Historical information has been retrieved from microfilm from the Pentwater Township Library as published in THE OCEANA TIMES and THE PENTWATER TIMES.
3/10/1871 FIVE BUILDINGS BURN At about half-past eleven, last night, a fire broke out in the store of Bacon & Jensen. It was first discovered by Mrs. Frank Spencer, who, with her husband, occupied rooms in the second story. The fire is supposed to have originated in the cellar, but in what manner is unknown. The flames ran up the building between the wall, and burst out of the second story. The whistles of the different mills sounded the alarm, and large numbers of our citizens were soon on the spot, but nothing could be done to save the building. The wind blew briskly from the north, and there seemed to be great danger that the whole street would be swept clean. Next to Bacon & Jensen’s store on the south was the law office of Messrs. Rice & Amber, and just beyond, two saloons stood in close proximity. Between the last saloon and the Post-office was a space of about forty feet, and here, if anywhere, was the place to stop the progress of the fire. The last saloon was hastily torn down, and by keeping the sides of the Post-office drenched with water, the fire was prevented from spreading further in this direction. The store of A.J. Underhill was immediately adjacent on the north, and it was soon evident that it could not be saved. All of the stock, however, was carried out, before the building burned. This store stood on the corner of Hancock and Fifth streets, and the direction of the wind prevented the fire from reaching to the Corlett House, which might otherwise have been in great danger. It was most fortunate that the roofs of our buildings were covered with snow, else the fire would undoubtedly have spread further.

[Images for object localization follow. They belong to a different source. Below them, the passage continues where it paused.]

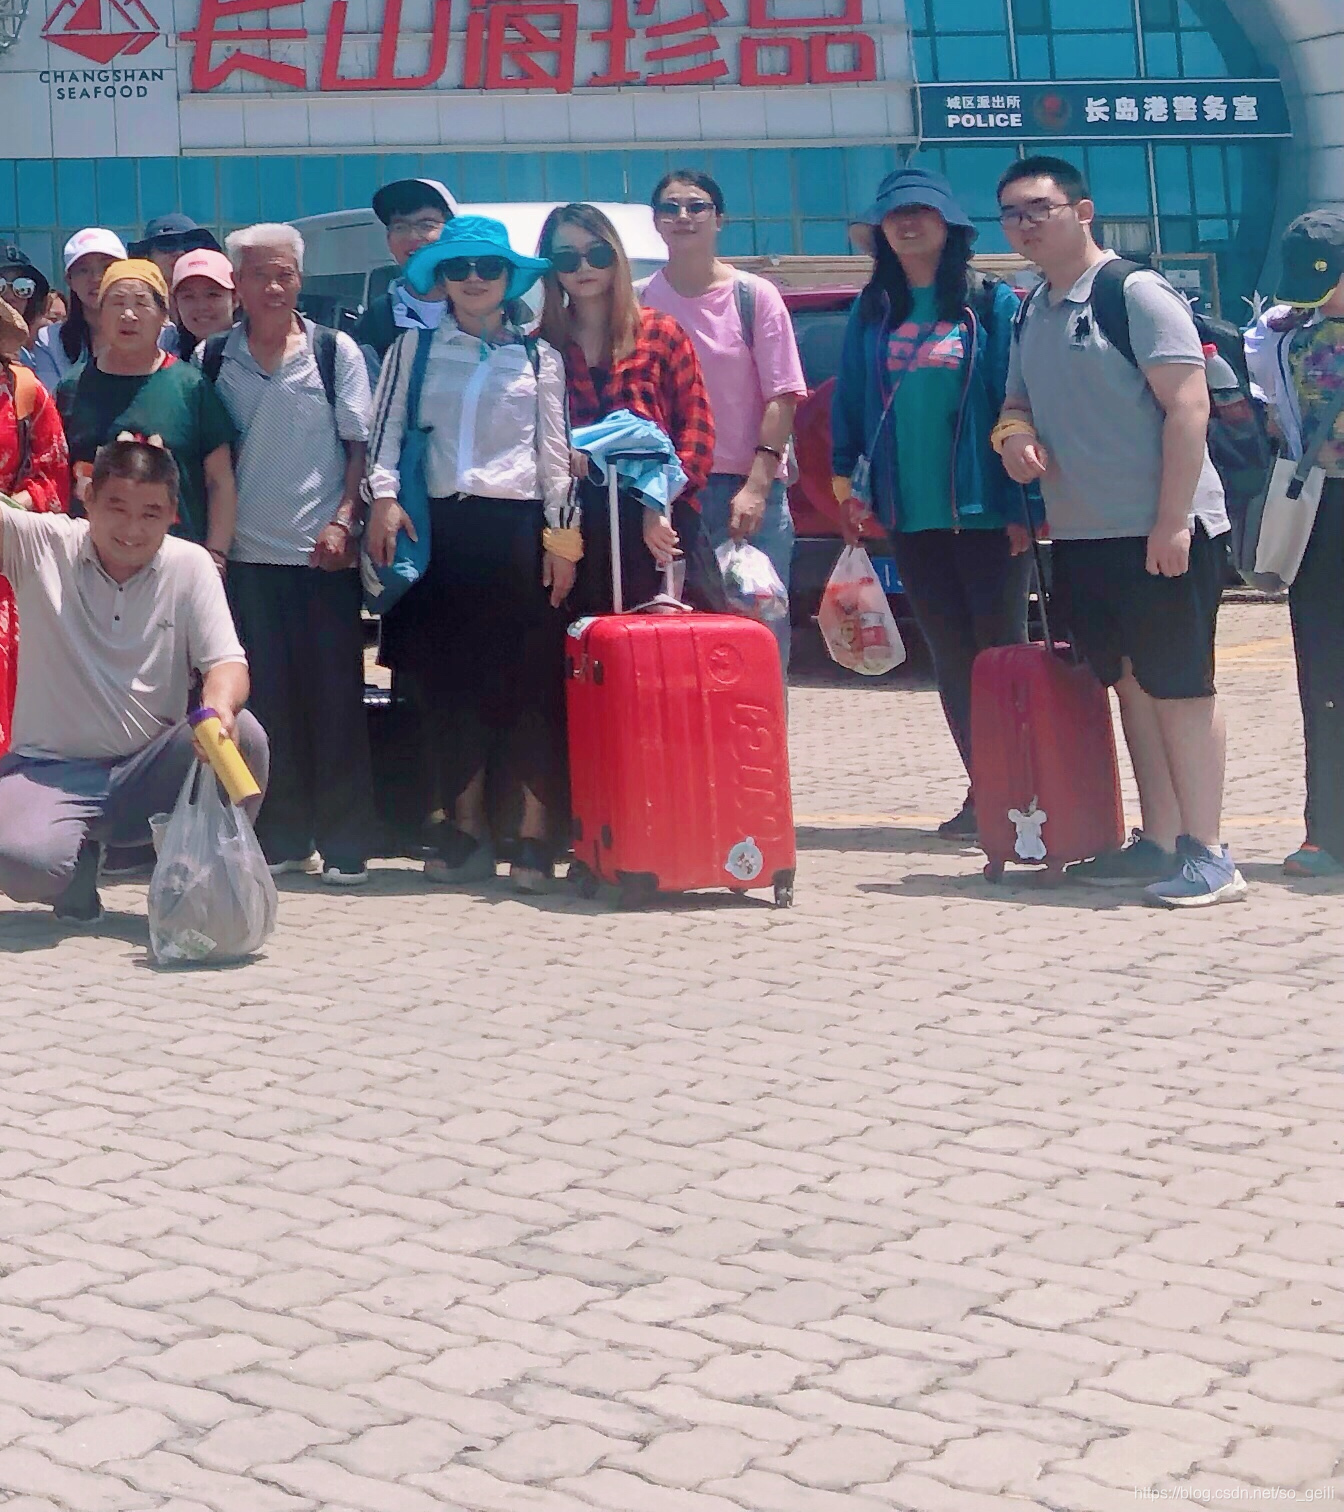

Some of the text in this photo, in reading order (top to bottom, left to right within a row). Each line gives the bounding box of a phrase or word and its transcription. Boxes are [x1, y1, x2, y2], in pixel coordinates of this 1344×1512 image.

[39, 69, 165, 83] CHANGSHAN
[56, 85, 148, 100] SEAFOOD
[946, 94, 1021, 110] 城区派出所
[1084, 93, 1259, 123] 长岛港警务室
[947, 113, 1023, 128] POLICE

As we write, at 2 o’clock this morning, the fire is subdued, and although the ruins are still burning, all danger is past. The losses, as nearly as can be ascertained are as follows: Bacon & Jensen, grocers, store and contents: building valued at $1000.00, stock $7500.00. But little of the stock saved. Building insured for $1500.00, in the North American; stock for $1500.00 in the Security. A.J. Underhill, general merchandise; building valued at $2800.00, insured in the Andes for $1000.00; stock saved. Rice & Ambler, lawyers; office valued a $1200.00. Insured for $300.00, in the Underwriters, and for $300.00 in the Security; office furniture insured for $300.00, in the Underwriters; most of the latter was saved. George Smith, saloon keeper; building valued at $300.00; insured for $250.00, in the Etna; stock estimated at $200.00; mostly saved. J.M. Cahill, salon keeper; building owned by Robert Miller, and valued at $400.00; no insurance; stock estimated at$300.00; mostly saved.
This is the worst fire that has ever visited the business portion of our village, and we hope it will be the last for many years to come. We hope our citizens will take warning and perfect on efficient fire department at once, so that we may not again be found unprepared. We are glad to add to the above that our citizens, with their accustomed generosity, have raised over $150.00 for Frank Spencer, who lost all his property in this fire. Mr. Underhill estimates his loss on stock, etc., at nearly $700.00, making his total loss about $2500.00. Mr. Jensen will not rebuild at once. Messrs. Lamont & Fagin have opened a new meat market in Mr. Clark’s building on Hancock St. Mr. Underhill has removed to the opposite corner, where he will be happy to meet his old customers, and form the acquaintance of new ones. He was selling goods the day after the fire, which shows commendable enterprise and pluck. Messrs. Rice & Ambler have moved into the building of Thos. Hopkins, nearly opposite their old office, and are all ready for business again. Thos. Hopkins, having given up his building, has moved into the front part of Mr. Purdy’s shop, next door to his old stand, where he has very comfortable quarters, and will be happy to meet those in need of anything in his line. We are sorry to say that J.M. Cahill still continues his old business at a new stand, and George Smith has begun to rebuild. We wish those men were engaged in a business in which we could wish them success. (Just a quick note—all of the numbered streets in the village were numbered in the opposite direction than they are 2011.)
8/25/1871 OUR STEAM ENGINE Our readers will remember that in the proposal to our Common Council, made by Mr. Walker, agent for the Clapp U Jones Manufacturing Co., the following guarantee occurs: “We further agree that this engine shall be capable of doing as much work as any other build of engines not weighing more than 500 pounds more than ours, and in case any other builders choose to bring an engine here within three months, and do better work than ours, we will take our engine off your hands, refunding the freight.”
We have received a report of a late trial between engines from the Clapp & Jones, and Silsby manufacturing companies, which we publish in another column, judging it to be of interest at this time. It appears that the Silsby engine proved to the better of the two in every respect, and we hope one may be sent to our village on trial.